As condições deste contrato eram do conhecimento da R. «Banco 1..., SA», junto de quem a sociedade «B..., Lda.» contraiu um empréstimo para financiamento da construção, garantido, além do mais, com hipoteca sobre o imóvel.
Em 19-2-2013, a sociedade «B...» vendeu à R. «A...» o imóvel que havia recebido do primeiro A. e sua mulher, com as benfeitorias nele implantadas, assumindo esta, solidariamente com a primeira, a responsabilidade de entregar aos AA. as duas frações livres de ónus e encargos.
Desta venda e assunção de responsabilidades perante os AA. foi inteirada a R. Banco 1..., que a consentiu.

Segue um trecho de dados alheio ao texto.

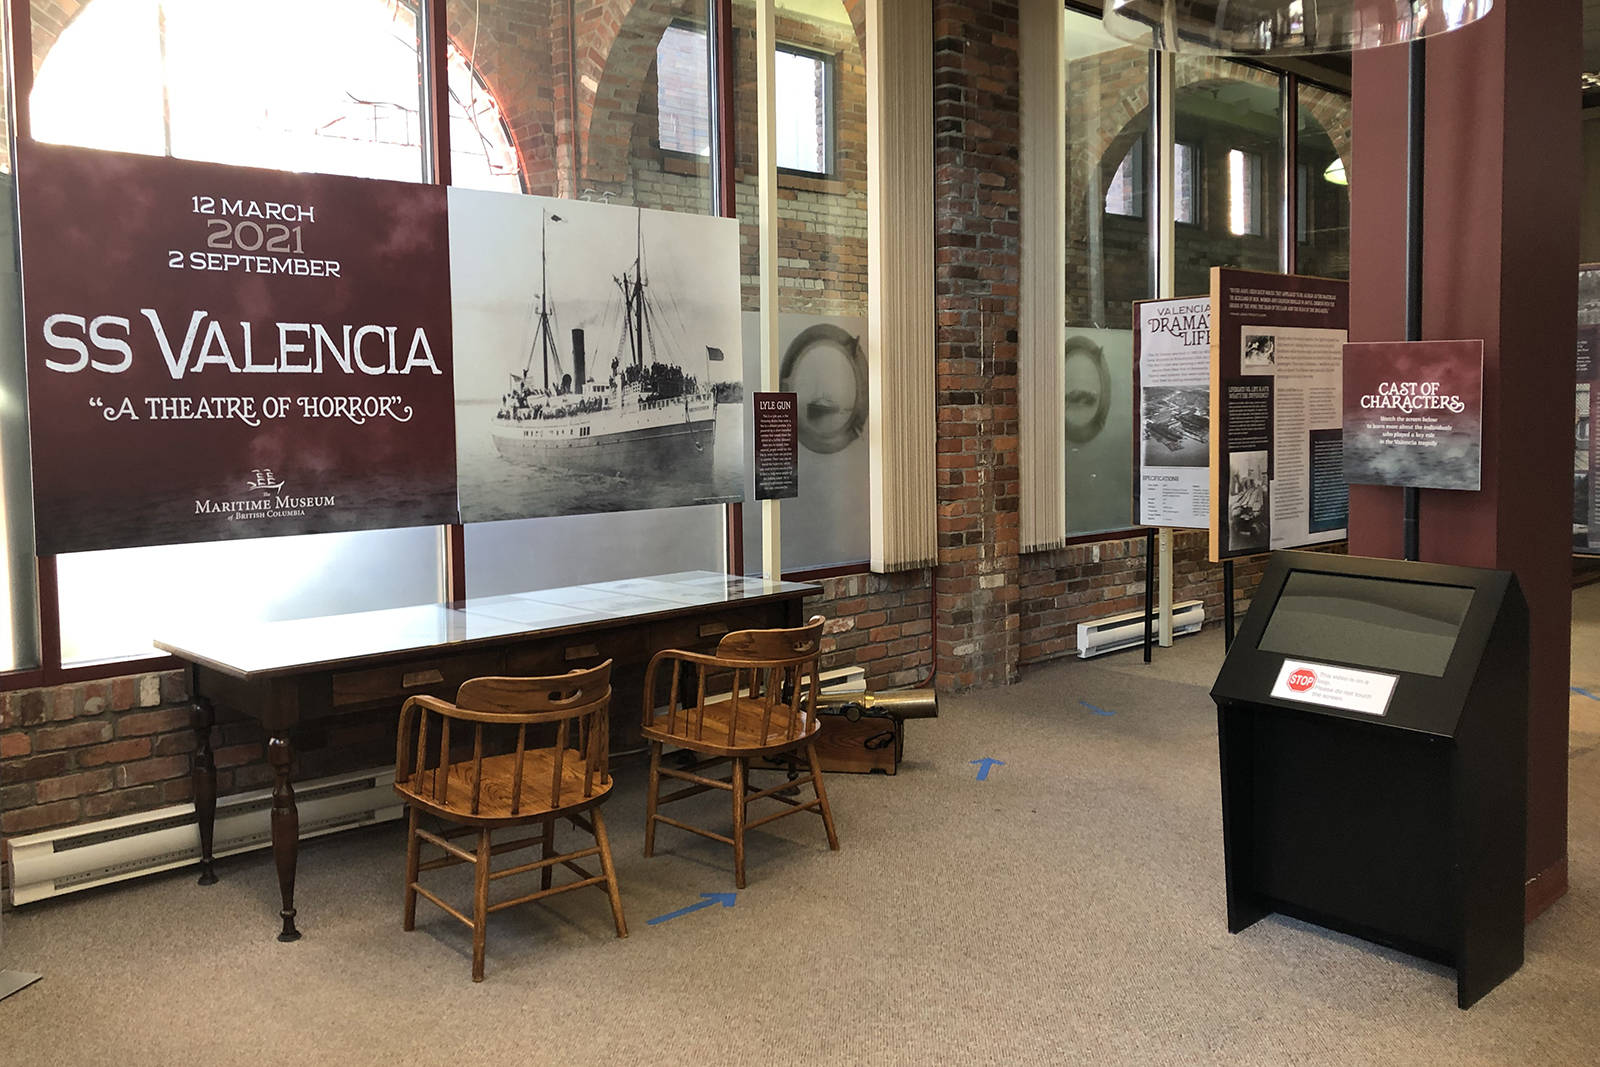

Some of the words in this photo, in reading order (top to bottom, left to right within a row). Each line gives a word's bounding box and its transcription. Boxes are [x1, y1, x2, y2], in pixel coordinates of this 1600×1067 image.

[192, 195, 216, 215] 12
[221, 198, 315, 223] MARCH
[207, 218, 305, 254] 2021
[168, 250, 185, 269] 2
[189, 252, 341, 278] SEPTEMBER
[1147, 313, 1211, 337] DRAMA
[43, 312, 134, 374] SS
[140, 308, 443, 380] VALENCIA
[1378, 381, 1418, 396] CAST
[1420, 381, 1441, 396] OF
[144, 396, 262, 427] THEATRE
[262, 396, 292, 420] OF
[759, 400, 776, 410] LYLE
[776, 400, 791, 410] GUN
[1360, 394, 1466, 414] CHARACTERS
[195, 499, 272, 515] MARITIME
[275, 495, 336, 510] MUSEUM
[235, 511, 265, 520] BRITISH
[266, 509, 305, 519] COLUMBIA
[1290, 674, 1314, 686] STOP

Perante o atraso na entrega das frações, os AA. lograram a entrega das chaves das moradias que lhes estavam destinadas e que ainda se encontravam em fase de acabamento, passando a habitá-las em junho de 2015.
Em 30-1-2018, foi constituída a propriedade horizontal do dito empreendimento.

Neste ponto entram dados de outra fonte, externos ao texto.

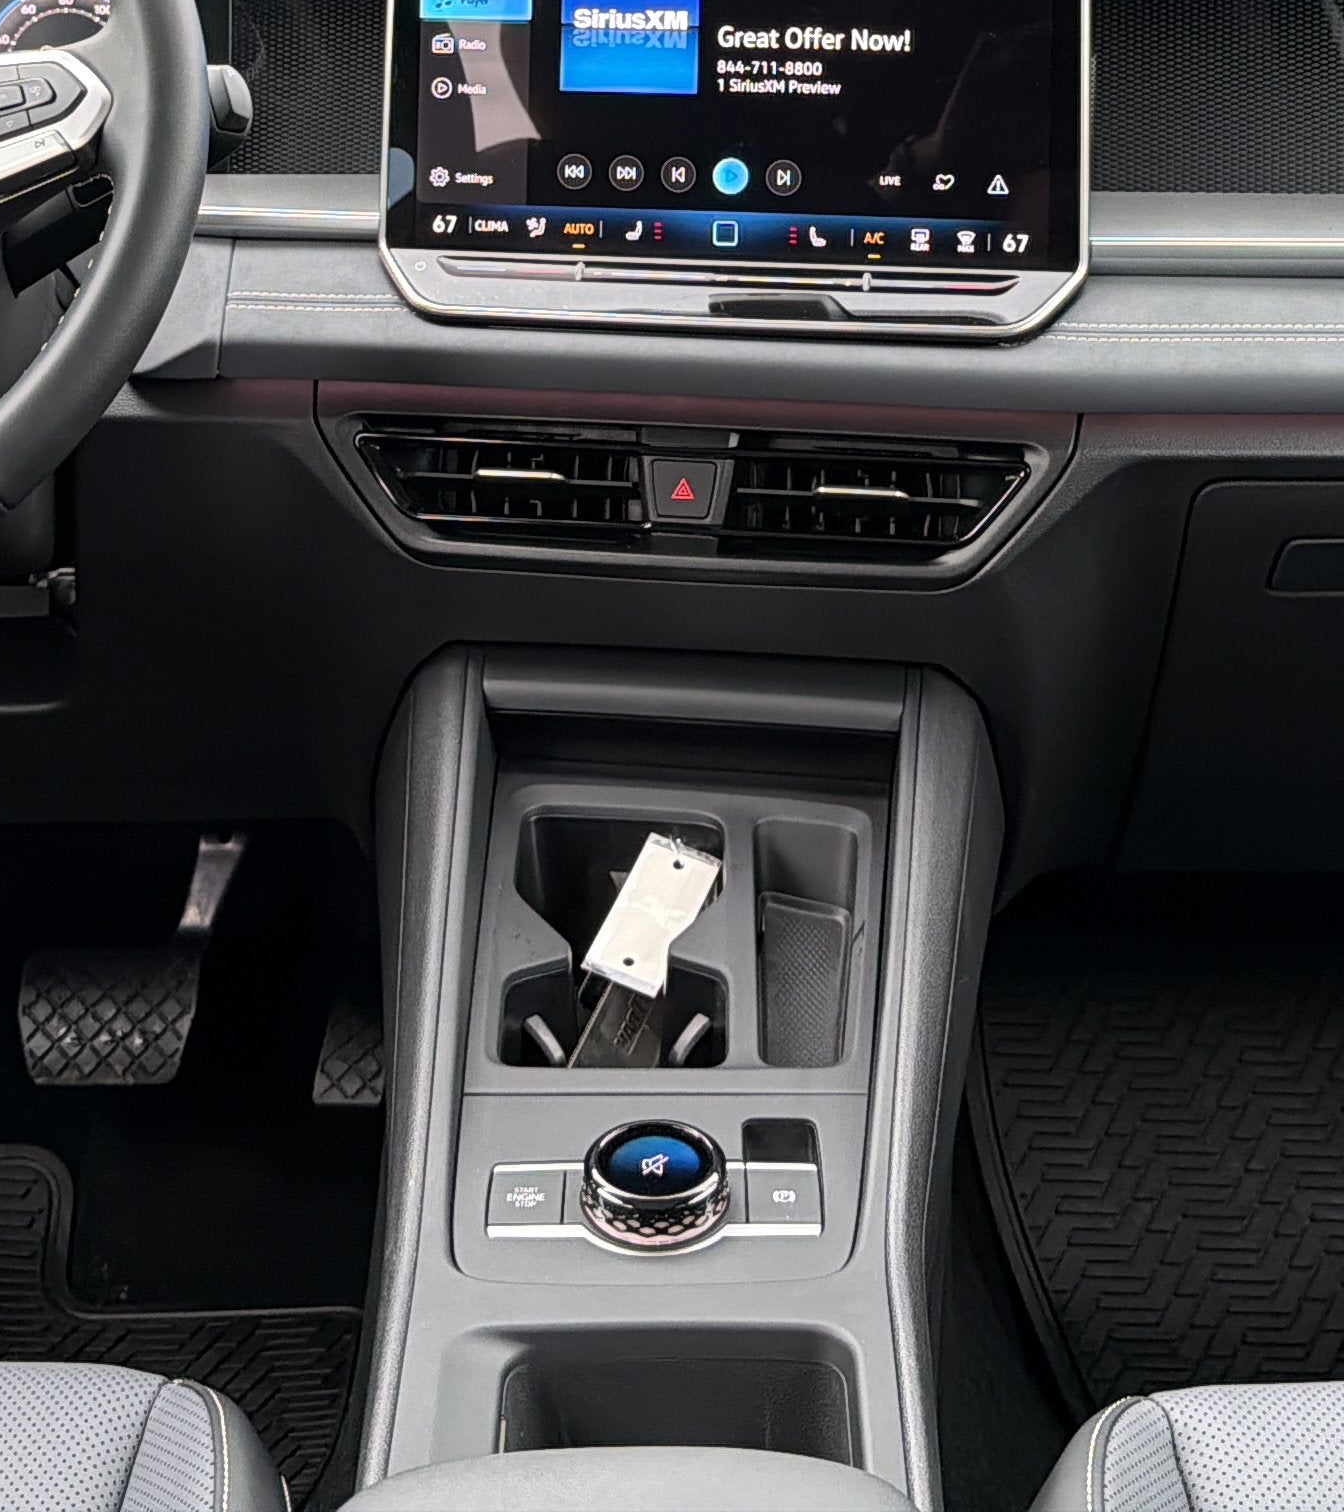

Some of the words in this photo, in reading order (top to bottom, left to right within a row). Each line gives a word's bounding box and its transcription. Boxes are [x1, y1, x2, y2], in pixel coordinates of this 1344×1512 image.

[20, 4, 37, 16] 60
[572, 8, 689, 31] SiriusXM
[458, 39, 487, 51] Radio
[717, 25, 780, 50] Great
[784, 26, 846, 50] Offer
[850, 29, 912, 52] Now!
[716, 60, 823, 77] 844-711-8800
[457, 83, 487, 96] Media
[717, 79, 725, 93] 1
[729, 79, 786, 95] SiriusXM
[788, 80, 842, 96] Preview
[454, 172, 494, 186] Settings
[879, 175, 902, 187] LIVE
[431, 214, 458, 234] 67
[474, 219, 509, 233] CLIMA
[563, 223, 595, 235] AUTO
[863, 231, 886, 246] A/C
[1002, 233, 1030, 253] 67
[506, 1192, 546, 1202] ENGINE
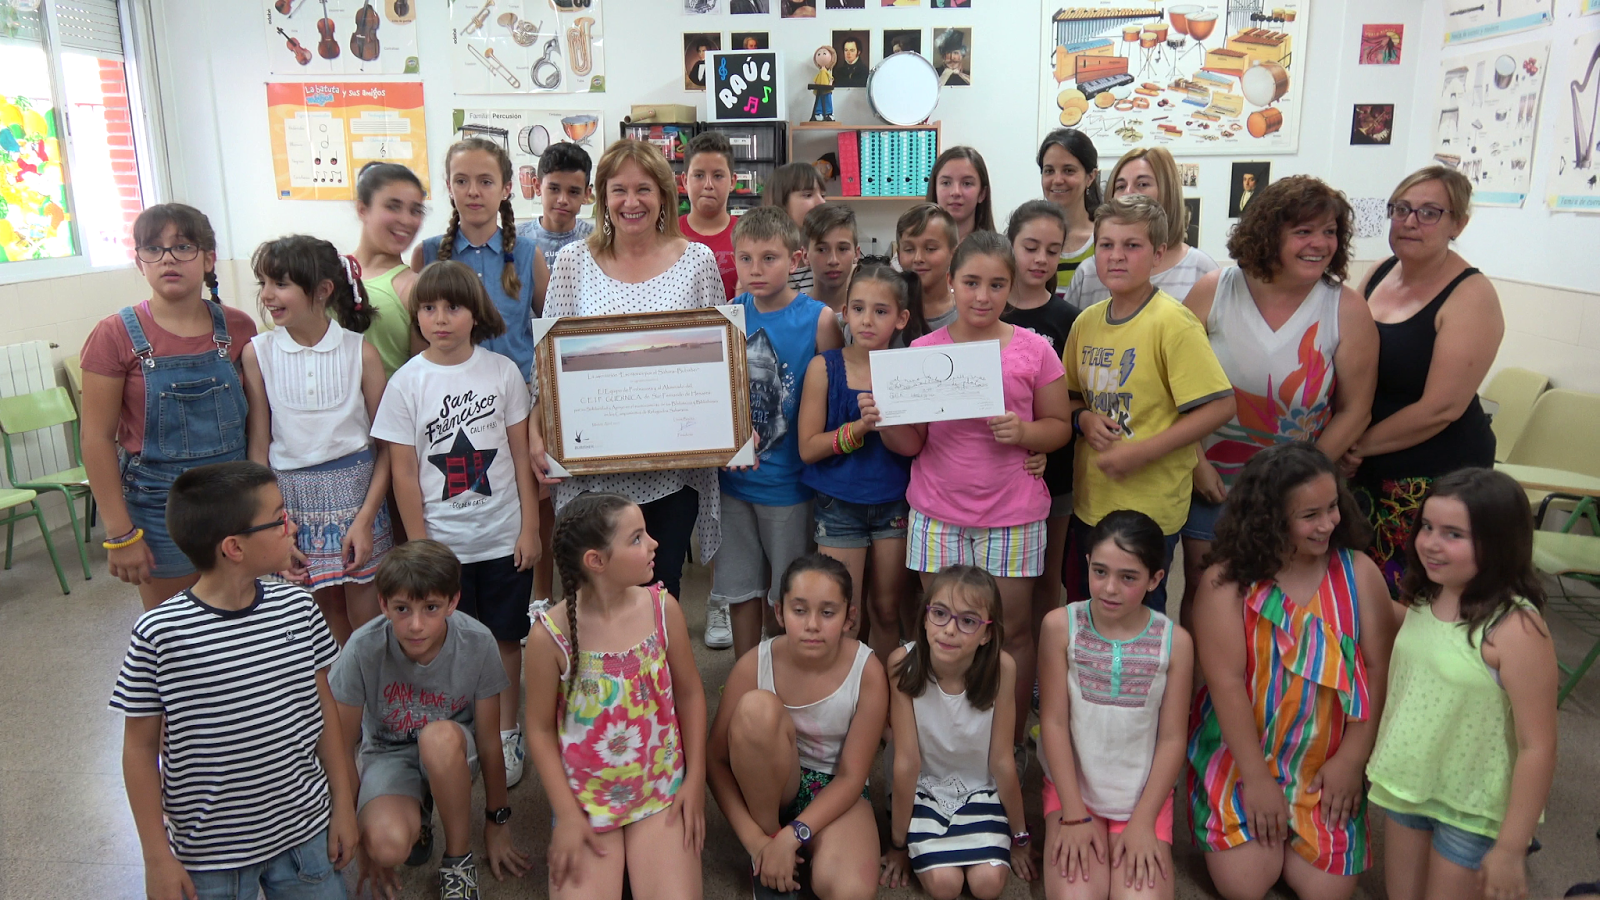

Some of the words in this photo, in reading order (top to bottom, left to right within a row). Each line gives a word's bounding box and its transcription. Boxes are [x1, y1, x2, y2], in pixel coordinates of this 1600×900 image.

[305, 86, 315, 94] La
[315, 84, 340, 94] batuta
[342, 90, 347, 98] y
[348, 89, 361, 97] sus
[362, 87, 386, 99] amigos
[719, 56, 771, 109] RAÚL
[492, 111, 522, 120] Percusión
[1082, 346, 1114, 368] THE
[440, 389, 478, 418] San
[425, 394, 498, 443] Francisco
[383, 681, 414, 711] CLARK
[419, 688, 446, 709] KENT

Continua registada a hipoteca a favor da Banco 1... sobre as frações “A” e “B”, impendendo ainda sobre as mesmas penhora a favor da Autoridade Tributária.
Aduzem os AA. ter adquirido o direito de propriedade sobre as frações por escritura de permuta anterior à constituição e registo dos ónus identificados, pelo que entendem ter direito a obter a entrega judicial e definitiva das duas moradias, correspondentes às frações “A” e “B”, livres de ónus e encargos.
Caso assim não se entenda, uma vez que a transferência da propriedade das duas frações permutadas para os Autores ocorreu com a constituição da propriedade horizontal, na impossibilidade da entrega formal das mesmas nos moldes acordados, ou seja, livre de ónus e encargos, ter-se-á de considerar nulo o contrato de permuta -, o que acarreta a nulidade da hipoteca porquanto incide sobre prédio alheio, que não é pertença nem da primeira R., nem da sua originária transmitente - devendo ser restituído tudo o que em consequência do mesmo tiver sido prestado.
Não sendo possível a reposição do imóvel no seu estado original, têm os AA. direito a que lhes seja restituído o montante correspondente ao preço atribuído às duas moradias, acrescido da quantia de €35.496,45, correspondente ao valor da sanção pecuniária compulsória fixada no contrato de permuta para o atraso na ali convencionada entrega das frações autónomas.
Em face deste crédito, entendem que lhes deve ser reconhecido um direito de retenção sobre as mencionadas frações enquanto não for efetivada a sua entrega definitiva livre de ónus e encargos ou, na impossibilidade da mesma, até que lhes seja pago o crédito que detêm sobre a primeira R., no montante global de € 535 496, 45.
Defendem, outrossim, que, face ao valor atual das quatro restantes frações edificadas no prédio permutado estão verificados os pressupostos para se decrete a redução judicial da hipoteca a essas quatro frações.
Finalmente sustentam que a atuação da R. «Banco 1..., SA» configura uma situação de abuso do direito e de enriquecimento sem causa.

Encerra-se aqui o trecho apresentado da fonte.